We’re enjoying a brief pause in the weeks long cold snap here in Greater El Pueblo de Nuestra Señora la Reina de los Ángeles, but the chill and the rain will be back the day after this post goes live. So, I’m following up last week’s very standard, but very good, bourbon toddy with something I came up with that has a touch of Greater Aztlán to it. You can accuse me of doing some post-Oscar cultural appropriation by cashing in on the enormous Mexican contribution to worldwide food and drink. However, if you could see my bank account you’d know that I’m not cashing in on very much of anything.
Nevertheless, I’m quite proud of my very modest toddy variation, that I think brings a delicious extra richness to an extremely old cold snap antidote.

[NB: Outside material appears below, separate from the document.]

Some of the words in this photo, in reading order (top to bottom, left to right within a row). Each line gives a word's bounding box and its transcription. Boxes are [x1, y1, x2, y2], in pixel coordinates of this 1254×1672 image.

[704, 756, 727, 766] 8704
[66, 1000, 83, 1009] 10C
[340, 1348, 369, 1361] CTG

The Curse of the Aztec Toddy
2 ounces reposado tequila
4 ounces hot water (boiling)
1 tablespoon agave syrup
2 dashes Fee Brothers Aztec Chocolate Bitters
1 cinnamon stick (borderline essential garnish)

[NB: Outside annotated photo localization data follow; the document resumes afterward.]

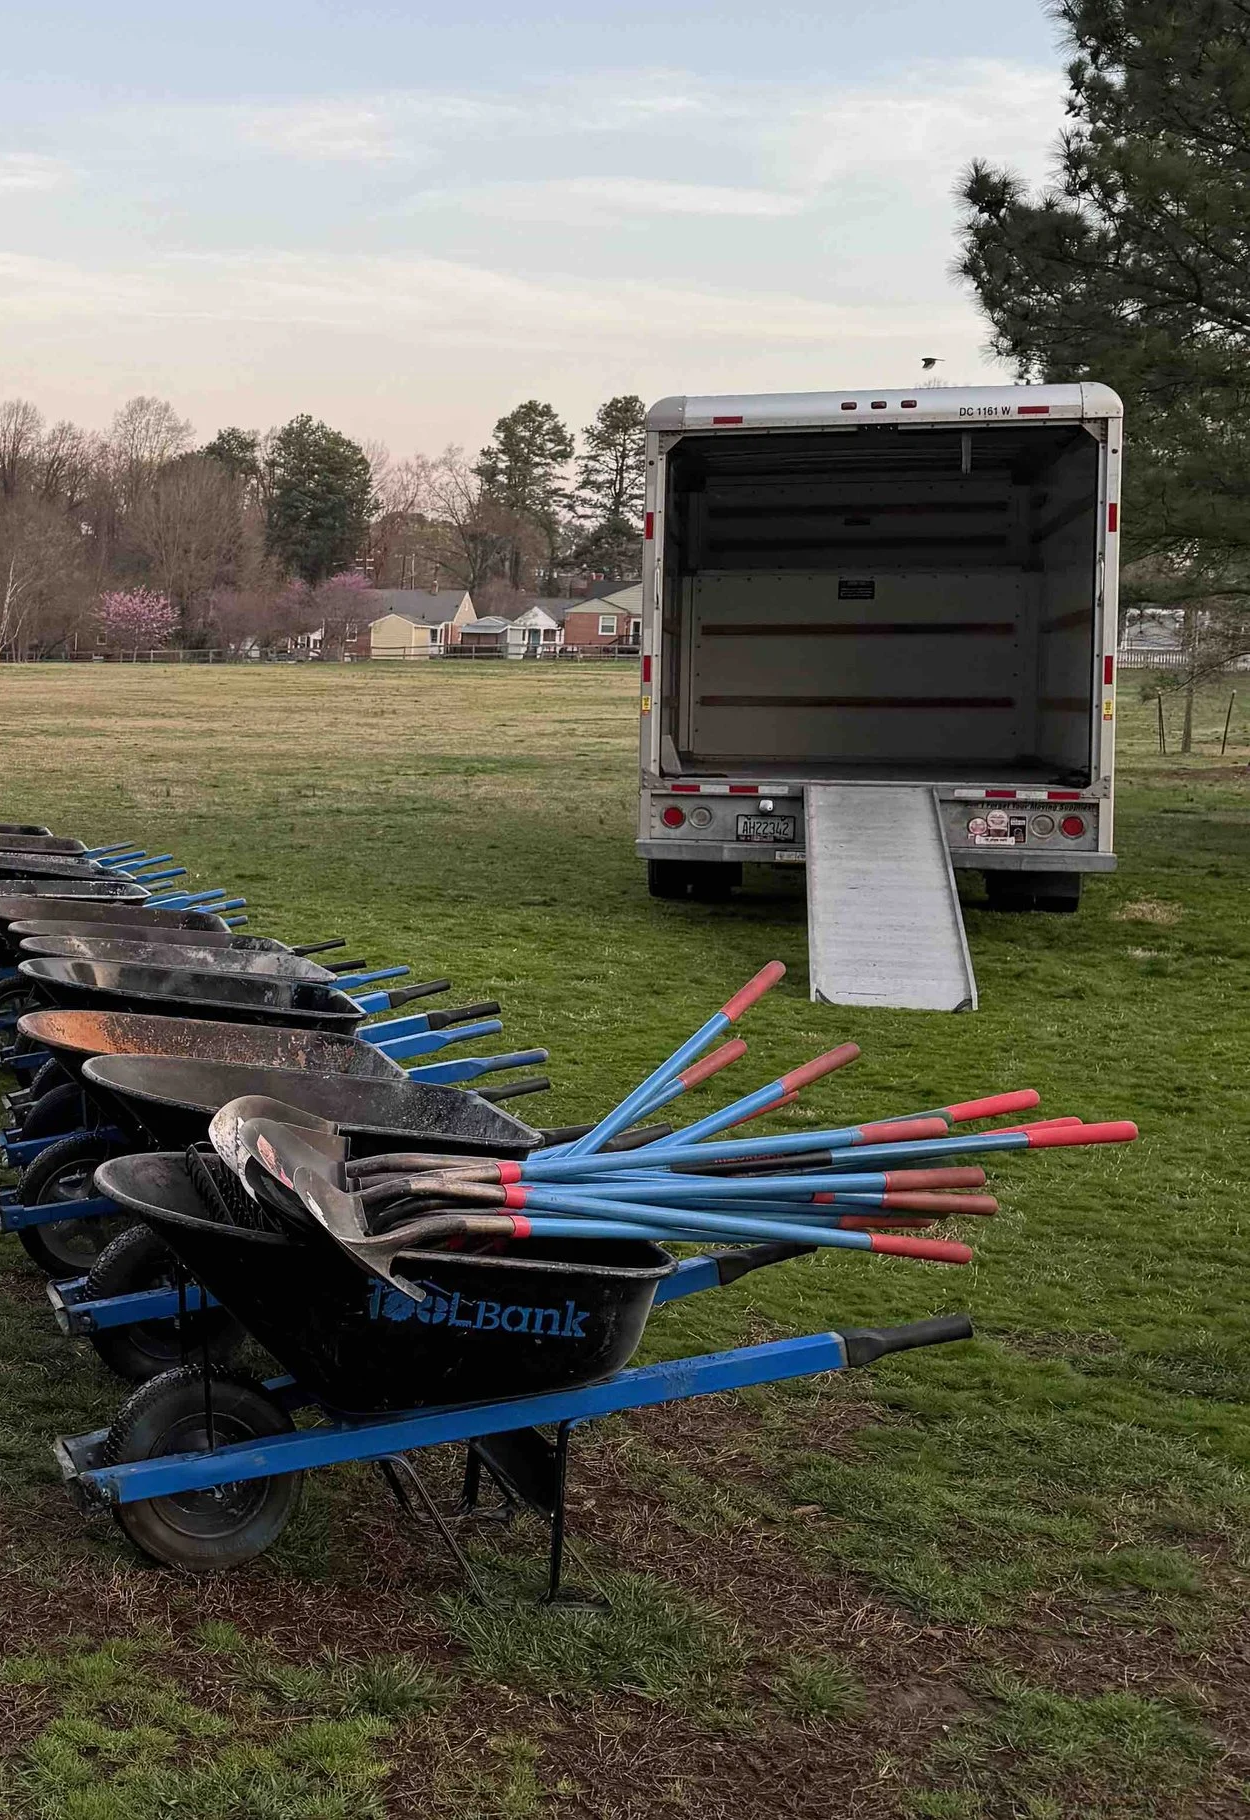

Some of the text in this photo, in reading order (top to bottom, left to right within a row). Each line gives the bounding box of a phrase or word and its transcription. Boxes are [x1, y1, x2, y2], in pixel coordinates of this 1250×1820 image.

[959, 405, 1011, 416] DC 1161 W
[742, 821, 789, 836] AH22342
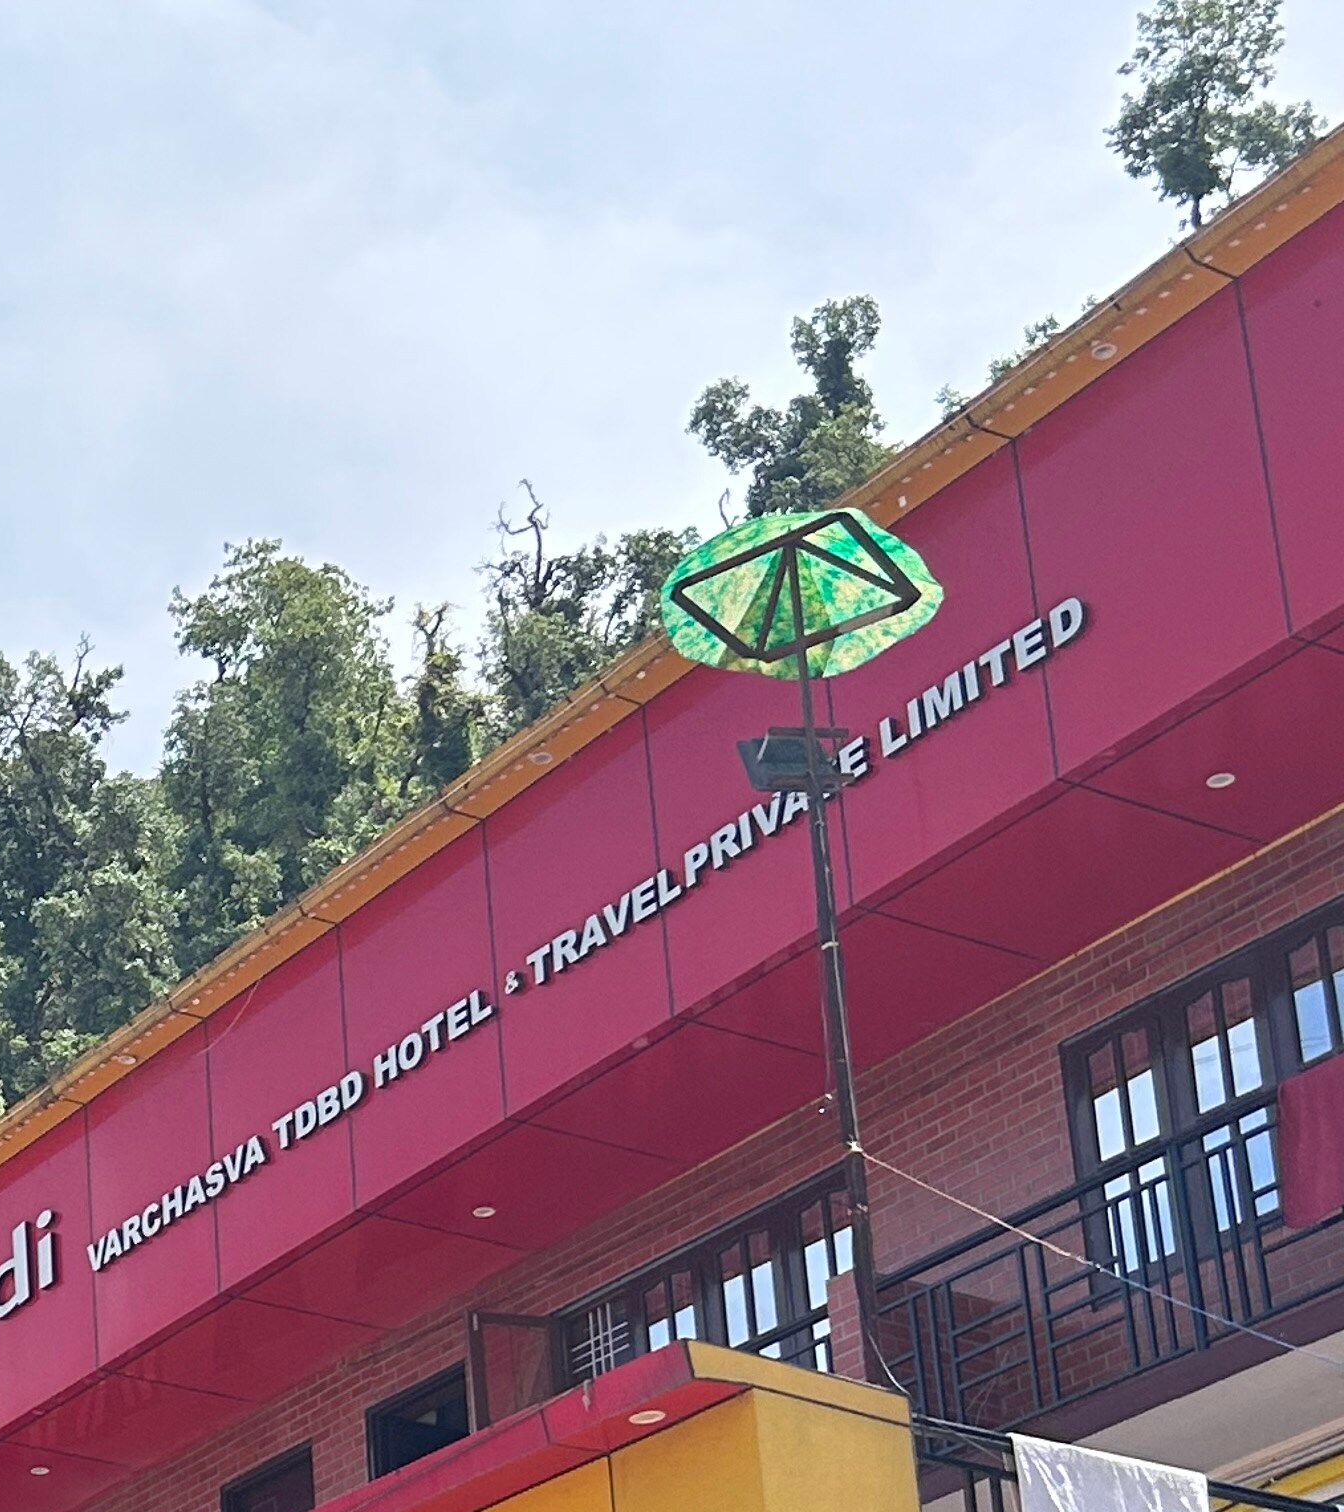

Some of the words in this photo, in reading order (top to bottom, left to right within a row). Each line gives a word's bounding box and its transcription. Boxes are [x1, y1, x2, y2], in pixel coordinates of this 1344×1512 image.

[87, 1136, 266, 1273] VARCHASVA
[272, 1070, 364, 1149] TDBD
[373, 989, 494, 1088] HOTEL
[504, 970, 520, 995] &
[526, 870, 681, 985] TRAVEL
[683, 736, 869, 888] PRIVAE
[878, 597, 1086, 758] LIMITED

1 lemon twist (desirable garnish)
Boil four ounces of water — perhaps by sticking your coffee or tea cup in the microwave, which will keep your drink hotter longer. Add the syrup, bitters, and tequila. Stir. Toss in the cinnamon stick and lemon twist and sip carefully. It probably won’t be excessively hot but, when your messing with anything remotely Aztec, you can’t be too careful.
I’m not sure where I got the idea of using the Mexican chocolate bitters , other than simply trying to build on my south of the border theme, but it’s resulted in a drink I personally kind of love. It’s got a boozy richness with an herbal note or two and a subtle but very rich back-taste of spicy chocolate. It might remind you of a delicious chicken mole.The cinnamon stick is a big help in bringing up the spicy flavor, by the way.
I tried this with both value priced Hornitos Reposado and more pricey Roca Patron Reposado. The former was really very good, but the latter was kind of amazing, the smoothness of the Patron allowing the chocolate undertones to really do their thing. I’d guess that most reposado tequilas would work just fine in your Aztec toddy, though I do like Hornitos a lot at its price point. I also know for a fact that you should probably stir clear of even good white tequilas with some sweetness to them for your Aztec Toddy. I tried it and it it was kind of a big nada. This one needs the fullness of a reposado or its barely worth trying.